It's sixteen degrees in my sad little town on Christmas eve, My apartment is so hot I type this with my window open wide. I thought I'd share a story from my first Christmas on the run.
Scott and I spent the day hiking at Big Cat mountain outside of Tucson. I'm not sure of the date, but it was after Thanksgiving and before Christmas in 1992. Near the intersection of 6th ave and Ajo, on the way to our favorite hiking places, was an odd little store with the unlikely name of “High Dreams”. We were curious, and often speculated on the nature of this shop. This day, we decided to quench our curiosity and stopped in.
We entered a room of bassinets and other baby paraphernalia. Around the corner was a counter and an area of Mylar balloons and coffee mugs. The proprietor of the establishment, a Mexican woman of about 40 years, saw our bewilderment and told us what we wanted was probably in the back room. We turned another corner and found ourselves surrounded by bongs, pipes, and other instruments of delight.
Mary, who owned the place, asked if I was new in town and if I'd like some work. She told me stories about how, when she first came to this country, she lived at the bus station. She had pegged me as a fellow traveler. Serendipity was a constant companion. I certainly was. Somebody had broken in, and she needed the window re-glazed. I happily complied and satisfied with my efforts, she gave me a pager and promised more work in the future.
I had many duties at High Dreams.
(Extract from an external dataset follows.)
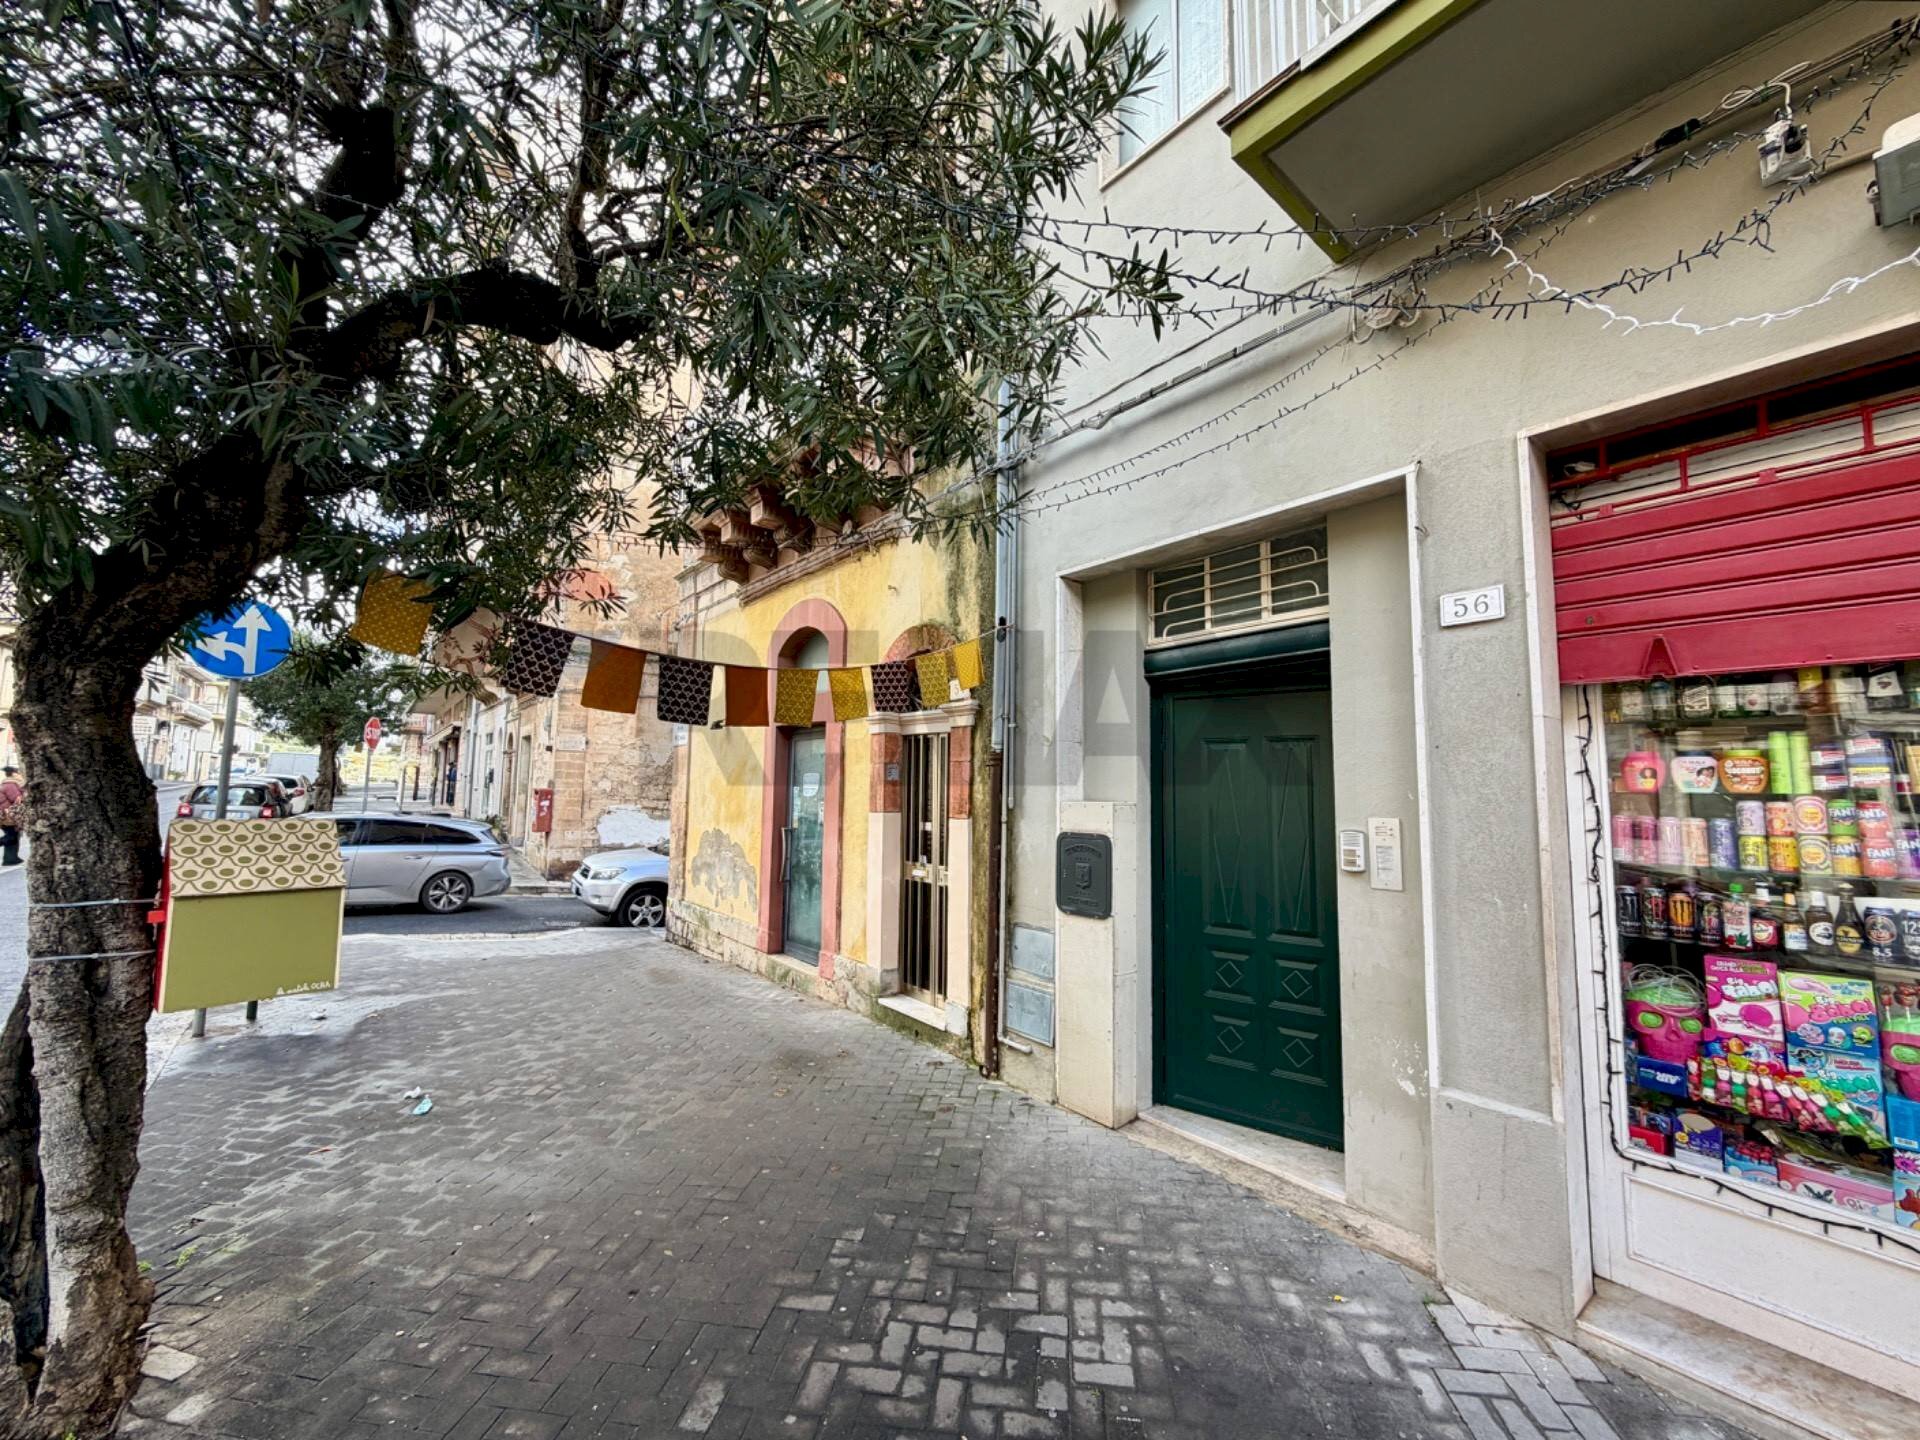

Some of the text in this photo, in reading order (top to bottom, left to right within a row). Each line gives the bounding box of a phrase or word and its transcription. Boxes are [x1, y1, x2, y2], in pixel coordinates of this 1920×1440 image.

I fixed things, painted bootleg pictures of Disney characters and Ninja Turtles on playhouses she sold, and on holidays, they would dress me appropriately and send me into the streets to hand out fliers and candy and balloons. I may have run drugs from Phoenix in stuffed animals. I didn't ask, but they paid me VERY well for that.
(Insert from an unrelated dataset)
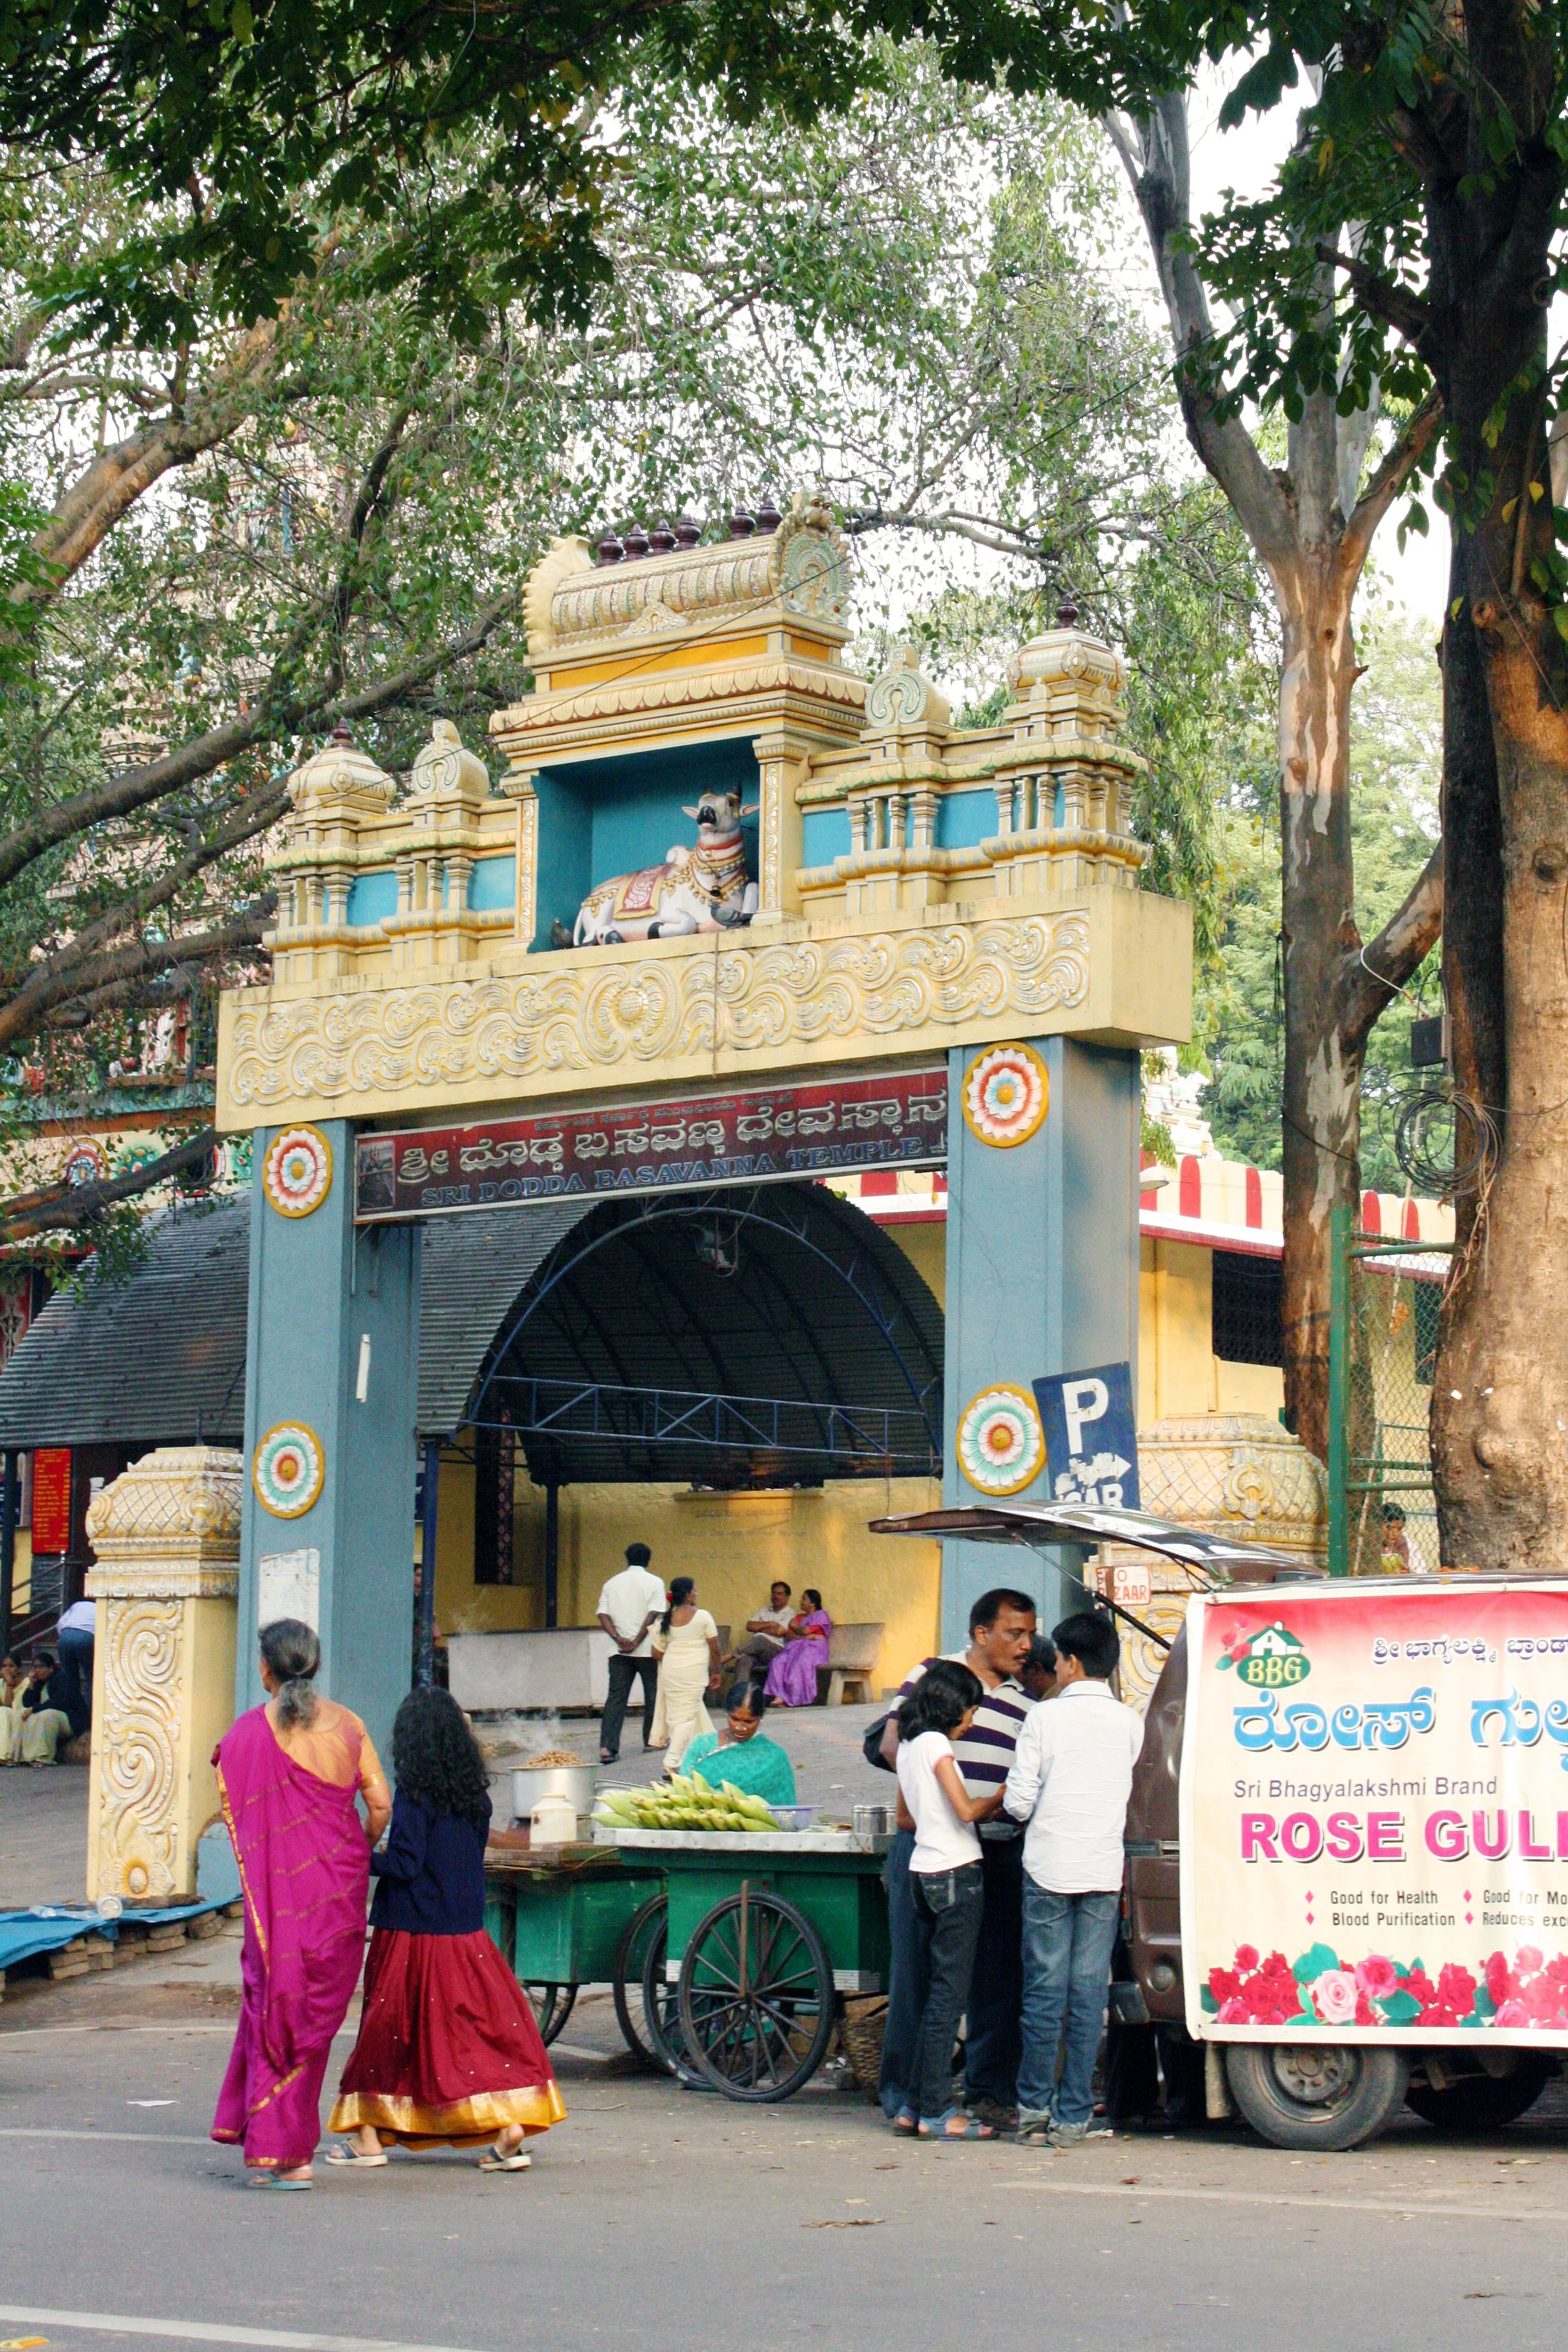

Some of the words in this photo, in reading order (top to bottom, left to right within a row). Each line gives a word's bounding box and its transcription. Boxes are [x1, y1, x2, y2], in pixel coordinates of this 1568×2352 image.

I was a leprechaun, the Easter bunny, Cupid, and several other characters. My favorite was when I was Santa Claus. At lunchtime when I was Santa, I walked the two blocks down to the twenty nine cent hamburger stand. “Hambourgesa”. What a fun word. Maybe I should mention that this was the barrio.
On my way back, I was smoking a joint. It was a difficult proposition with the fake beard and all, but I managed. As I crossed at the light at 6th and Ajo, a semi stopped in the intersection and the driver opened his door, stepped out, and yelled out to me: “Santa! I knew it! I Knew it!”. I gave him the thumbs up.
Apparently if you are dressed like Santa in the desert and smoking a big fatty, no matter how casual you think you are, people will notice... and approve!
Merry Christmas, (or the appropriate regards) to you and yours.